# Explanation needed for "Use Caution When Reinitializing Variables Inside a Loop"

Explanation needed for "Use Caution When Reinitializing Variables Inside a Loop"
0

#1

I’m having difficulty understanding the logic of this exercise and why we need to move the empty row array from outside the loop to inside the outer loop. I read draber06’s explanation, however it still doesn’t make complete sense to me. Here is what he wrote:

Problem is that row never resets. Arrays and objects act as pointers in JavaScript. When you push row into the matrix array, you are pushing a pointer to row into the matrix array, not a copy of row at that point in time. The next time you change row by pushing a 0 onto it, the row already in the matrix array changes too. That’s because matrix[0] is a pointer to a location in memory, and when you call row.push(0), you are changing that location in memory. Therefore the next time you call matrix[0] it will include all changes you’ve made.
You’ll find that matrix[0] === matrix[1]. Same is true for matrix[2]. They are all three pointers to the same location in memory (row).
To solve this, you want to put your row = [] inside the first for loop. This tells it to make a new row (or a new location in memory) every iteration.
If you want to get your expected outcome of 2 columns, 4 columns, 6 columns, then instead of pushing row to matrix, push row.slice(0). This pushes a copy of row to matrix, meaning that all subsequent changes to row will not affect the copy that you pushed. That is, matrix will not contain a pointer to row, but a pointer to a copy of row at some point in time.

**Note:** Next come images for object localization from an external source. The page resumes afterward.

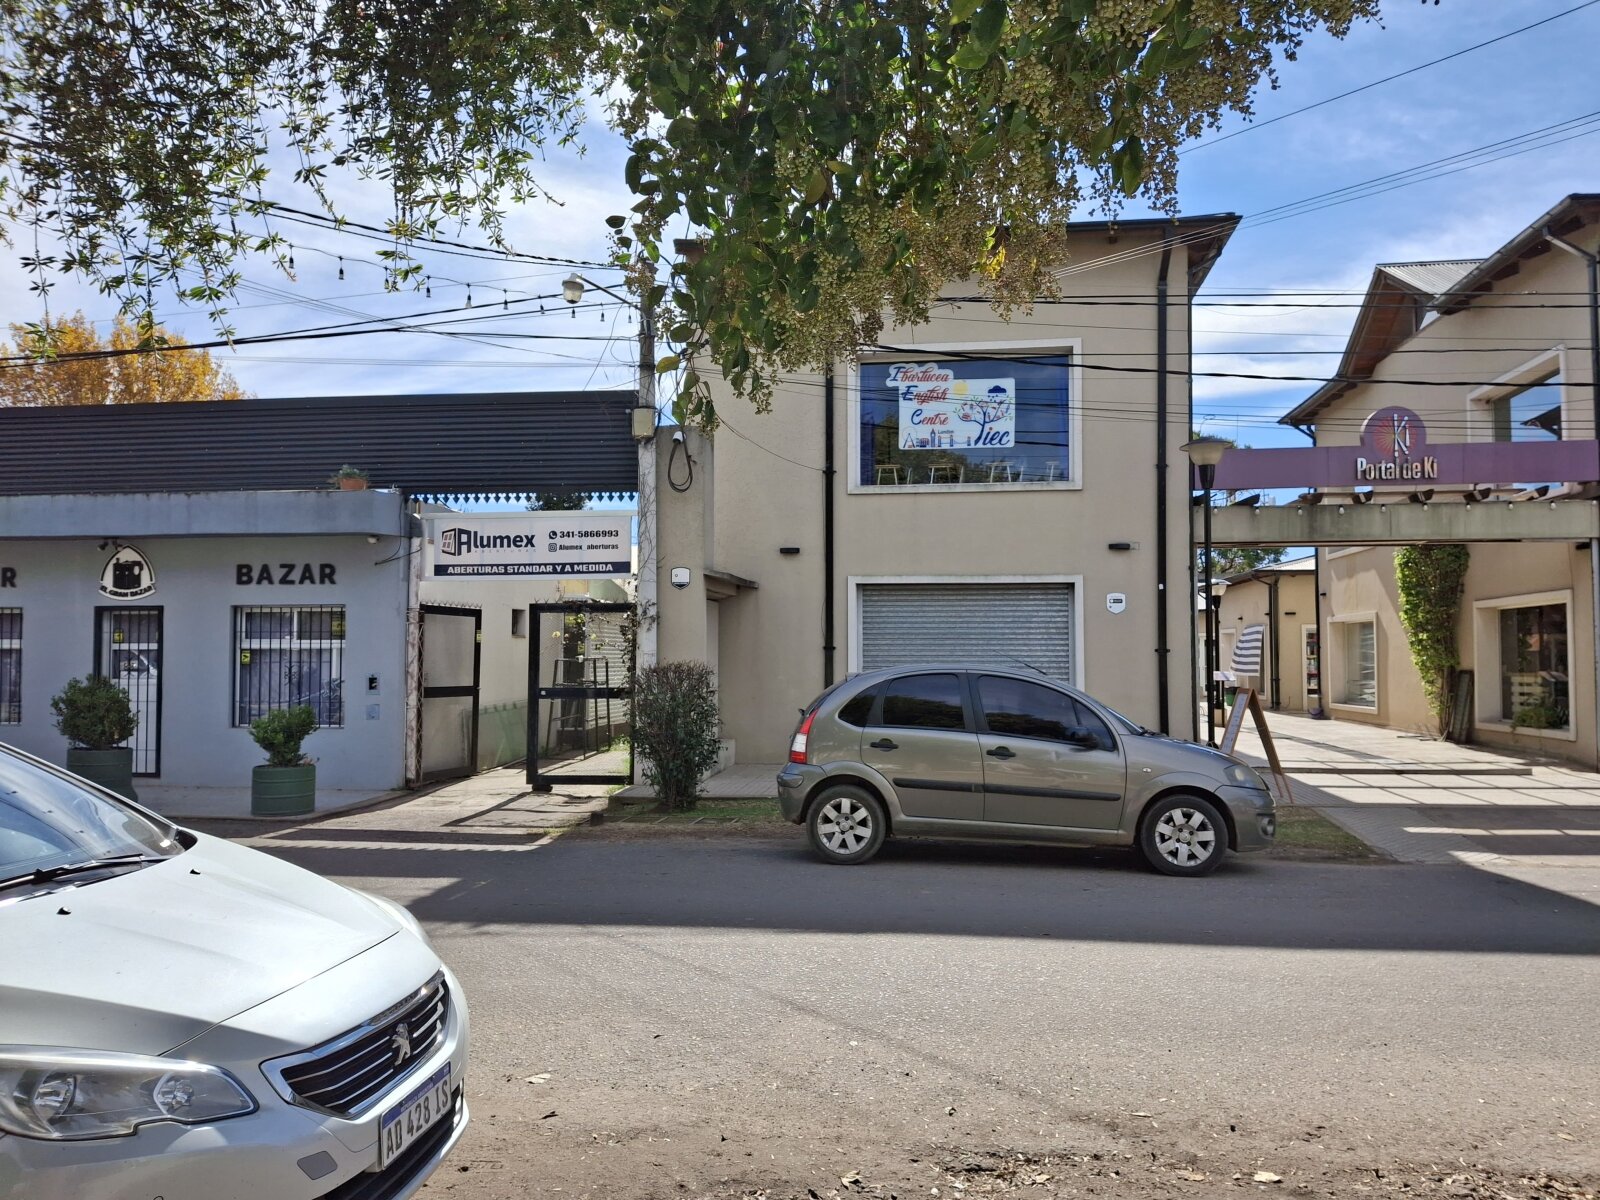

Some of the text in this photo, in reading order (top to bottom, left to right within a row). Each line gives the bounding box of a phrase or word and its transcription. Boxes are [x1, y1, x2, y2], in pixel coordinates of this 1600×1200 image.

[901, 385, 948, 405] English
[911, 409, 949, 425] Centre
[1356, 456, 1438, 480] Portal de Ki
[457, 527, 536, 556] Alumex
[559, 529, 619, 539] 341-5866993
[235, 563, 337, 585] BAZAR
[447, 566, 505, 574] ABERTURAS
[507, 564, 553, 573] STANDAR
[564, 564, 574, 572] A
[574, 563, 613, 572] MEDIDA
[386, 1119, 402, 1159] AD
[406, 1095, 431, 1137] 428

I’d really appreciate if someone could break it down in somewhat different terms to make it more comprehensible to me, or link to an article somewhere that goes into this issue at a slower pace and in perhaps more detail.

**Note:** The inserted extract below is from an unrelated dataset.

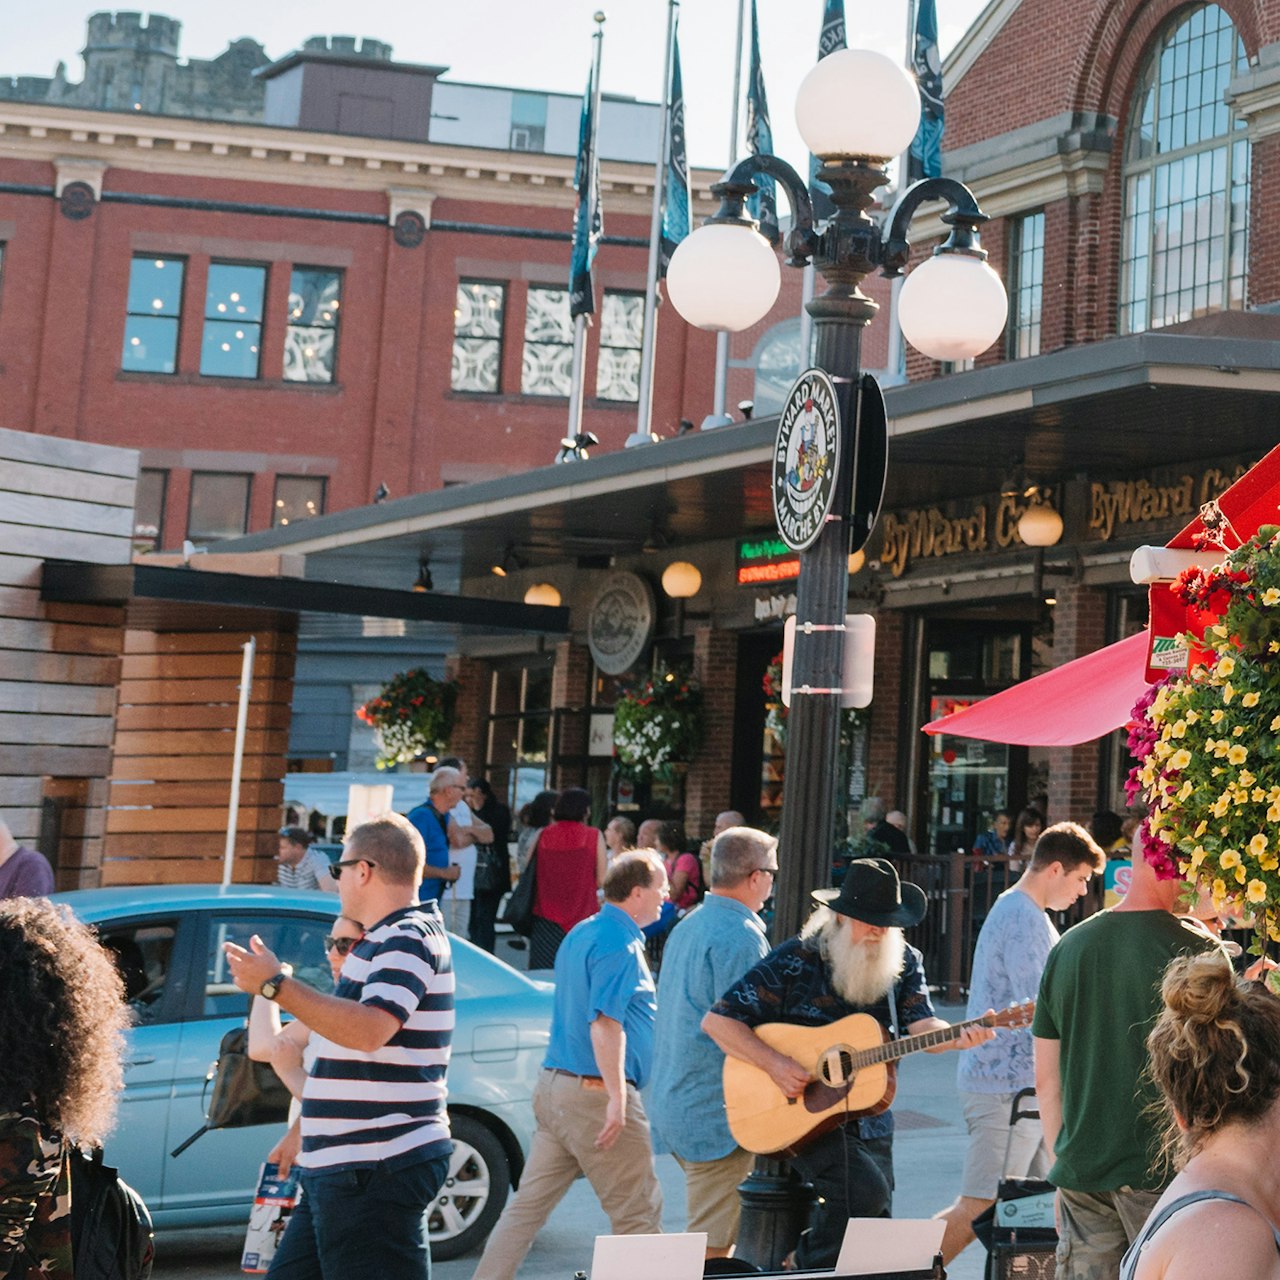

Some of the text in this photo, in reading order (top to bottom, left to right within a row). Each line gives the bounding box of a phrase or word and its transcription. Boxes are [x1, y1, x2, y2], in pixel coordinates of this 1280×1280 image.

[810, 381, 836, 454] MARKET
[812, 491, 825, 525] BY
[880, 505, 987, 578] ByWard
[1090, 475, 1194, 542] ByWard

This is quite an important topic because I know that later challenges in the intermediate algorithms section will make use of problems similar to this one.

#2

#3

Which part of @draber06’s explanation do you not understand?

In the future, please post the url of the challenge, so other users do not have to search and find it.

https://learn.freecodecamp.org/javascript-algorithms-and-data-structures/debugging/use-caution-when-reinitializing-variables-inside-a-loop/

#4

The entire explanation I found to be simply too confusing, even after reading it over many, many times.

That’s why I asked if someone could explain it in different terms, or in a different format, etc.

#5

OK, I will try to explain why you must move the empty row array to be inside the outer loop.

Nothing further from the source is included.